- Task instructions: Repeat the records exactly, with one exception: no images.

[Given records Boundary: Start]

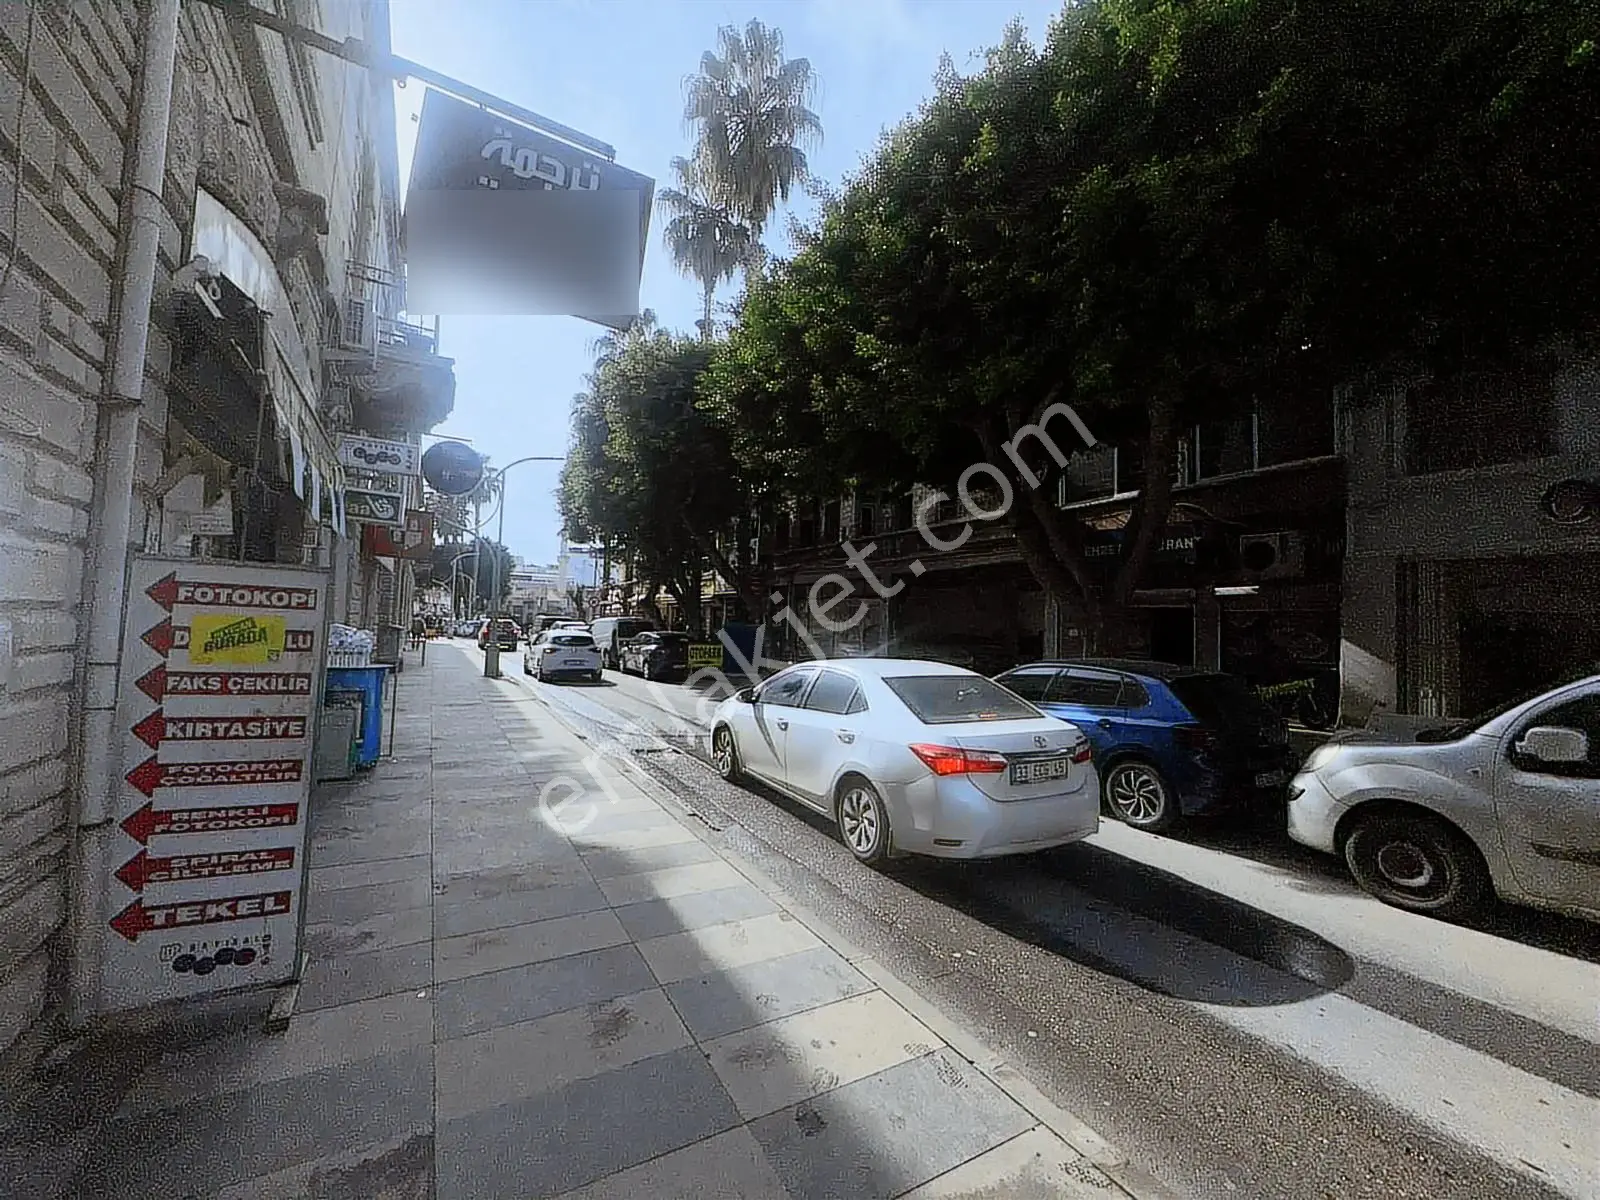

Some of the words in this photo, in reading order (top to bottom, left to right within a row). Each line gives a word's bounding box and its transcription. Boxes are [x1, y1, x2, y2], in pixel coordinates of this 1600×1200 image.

[177, 586, 316, 607] FOTOKOPİ
[167, 676, 221, 691] FAKS
[227, 674, 309, 694] ÇEKİLİR
[165, 718, 304, 738] KIRTASİYE
[147, 898, 286, 926] TEKEL
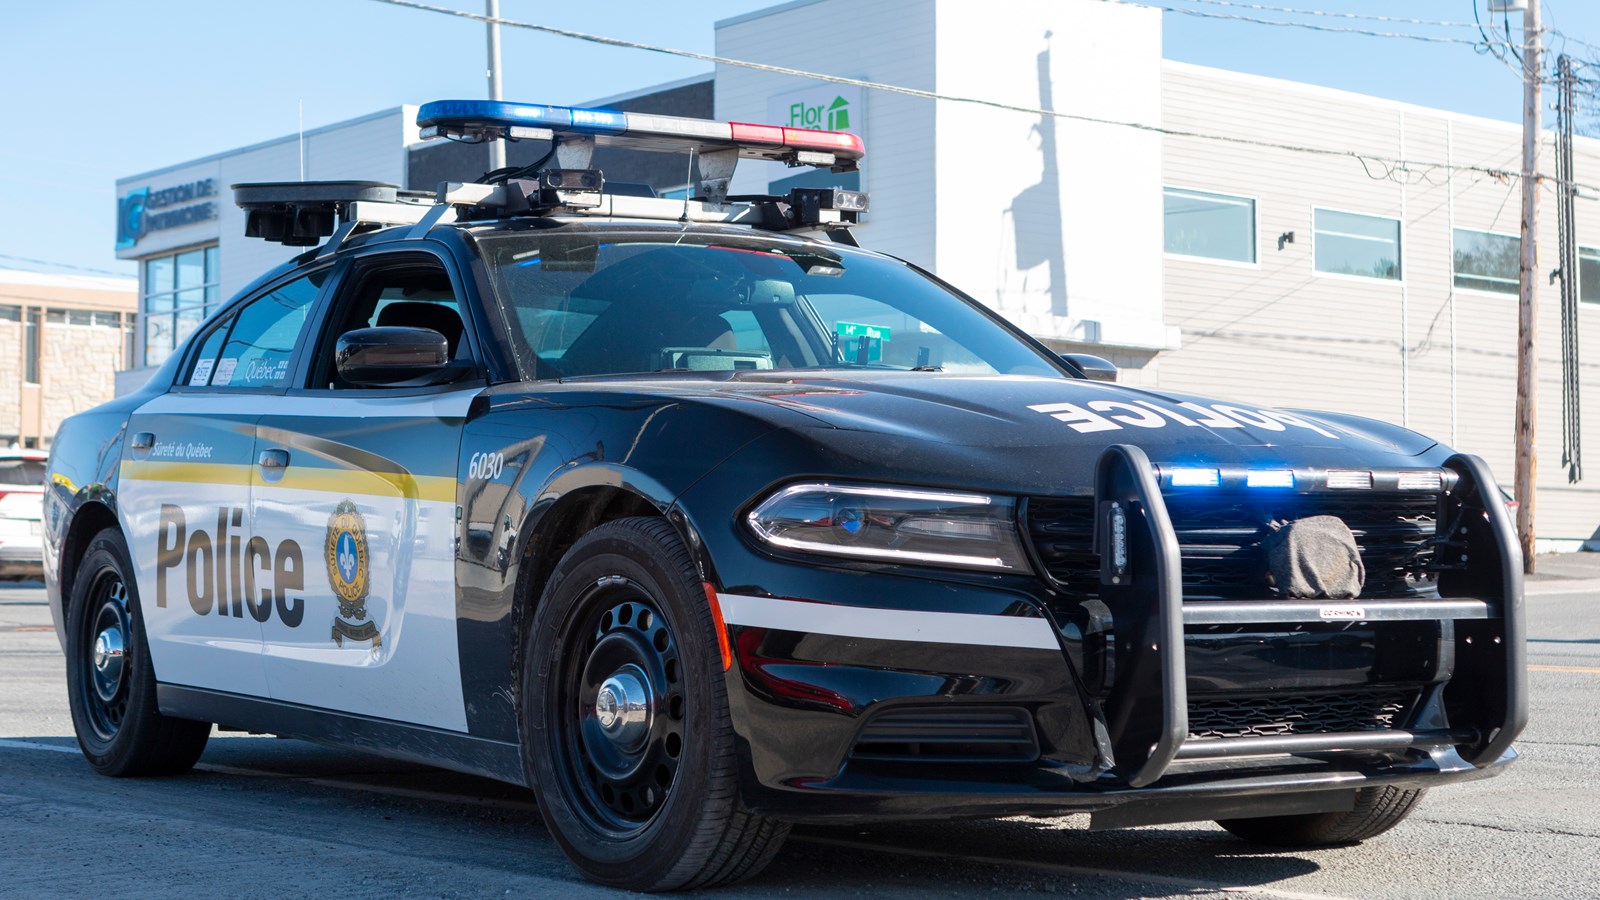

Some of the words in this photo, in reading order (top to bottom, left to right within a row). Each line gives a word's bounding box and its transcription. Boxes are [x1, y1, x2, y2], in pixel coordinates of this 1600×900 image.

[790, 101, 825, 127] Flor
[245, 360, 277, 383] Québec
[175, 442, 186, 457] du
[186, 441, 213, 460] Québec
[469, 452, 504, 480] 6030
[156, 503, 305, 628] Police
[338, 579, 361, 599] POLICE
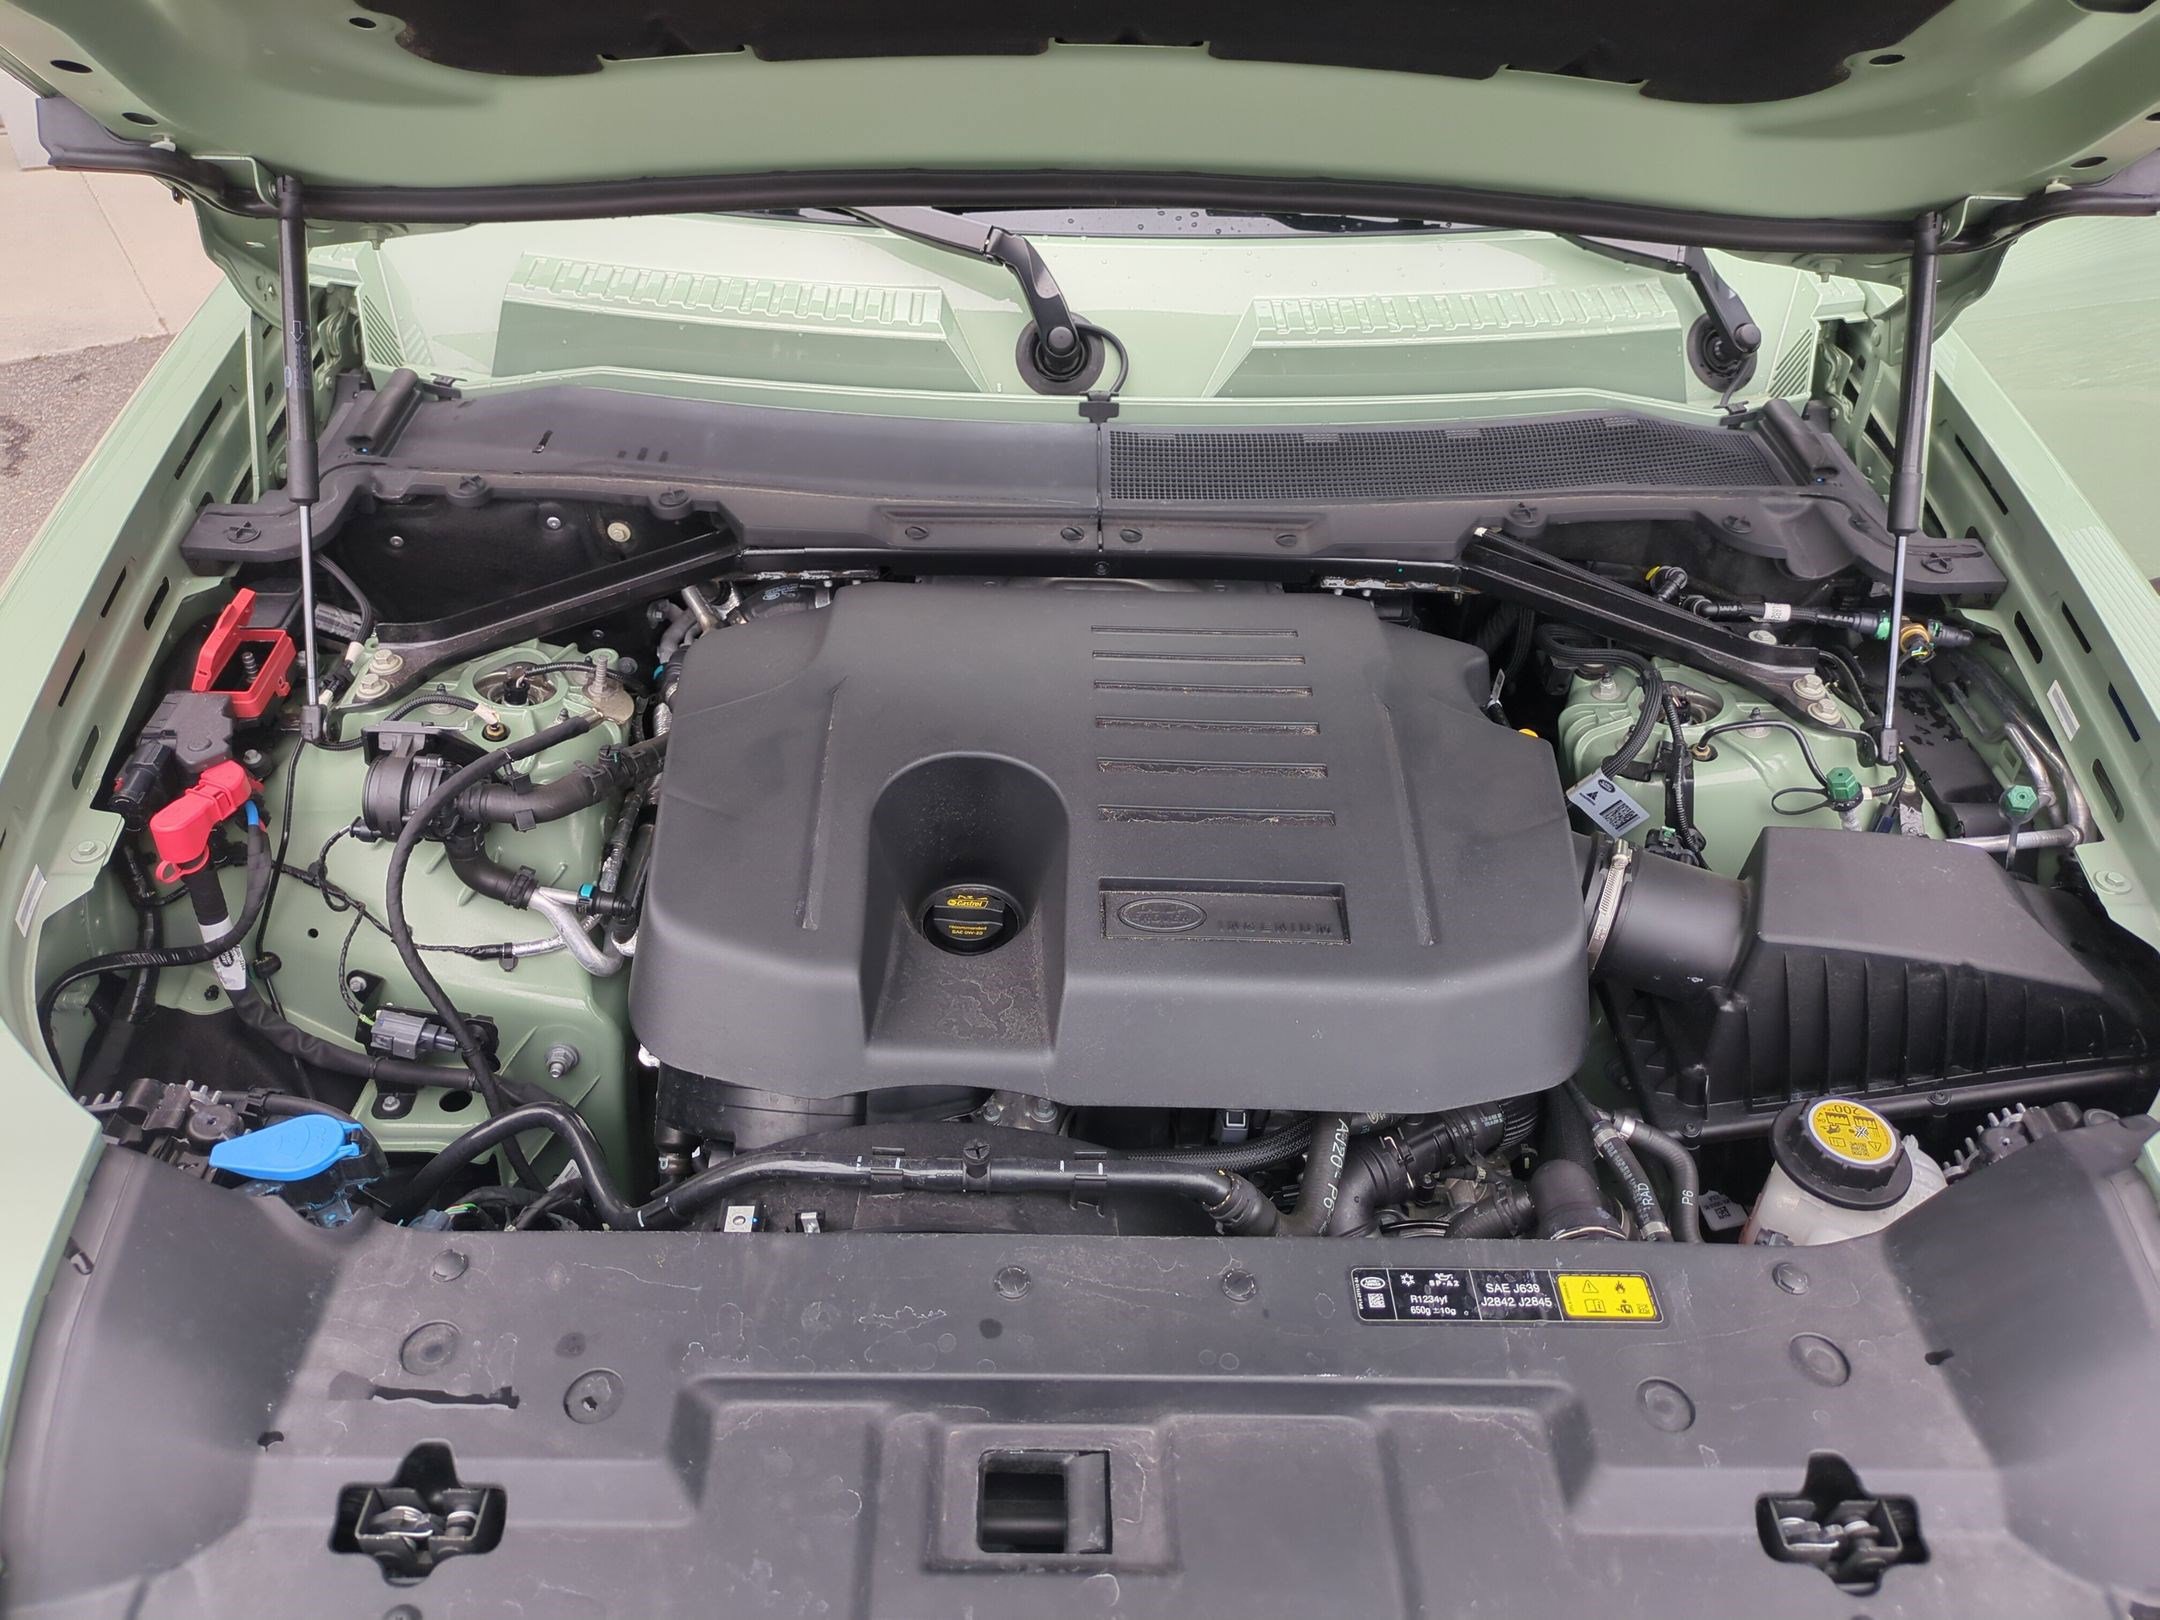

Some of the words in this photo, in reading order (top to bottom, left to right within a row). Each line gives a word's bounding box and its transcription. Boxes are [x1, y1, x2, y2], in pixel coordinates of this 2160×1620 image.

[Given records Boundary: End]

- Reply to the task:
Some of the words in this photo, in reading order (top to bottom, left to right within a row). Each line gives a word's bounding box and its transcription. Boxes are [x1, y1, x2, y2], in pixel coordinates of this 1600×1200 image.

[177, 586, 316, 607] FOTOKOPİ
[167, 676, 221, 691] FAKS
[227, 674, 309, 694] ÇEKİLİR
[165, 718, 304, 738] KIRTASİYE
[147, 898, 286, 926] TEKEL

Some of the words in this photo, in reading order (top to bottom, left to right within a row). Each line gives a word's bounding box and its transcription. Boxes are [x1, y1, x2, y2], in pixel coordinates of this 1600×900 image.

[790, 101, 825, 127] Flor
[245, 360, 277, 383] Québec
[175, 442, 186, 457] du
[186, 441, 213, 460] Québec
[469, 452, 504, 480] 6030
[156, 503, 305, 628] Police
[338, 579, 361, 599] POLICE

Some of the words in this photo, in reading order (top to bottom, left to right within a row). Each line gives a word's bounding box and its transcription. Boxes are [x1, y1, x2, y2], in pixel coordinates of this 2160×1620 image.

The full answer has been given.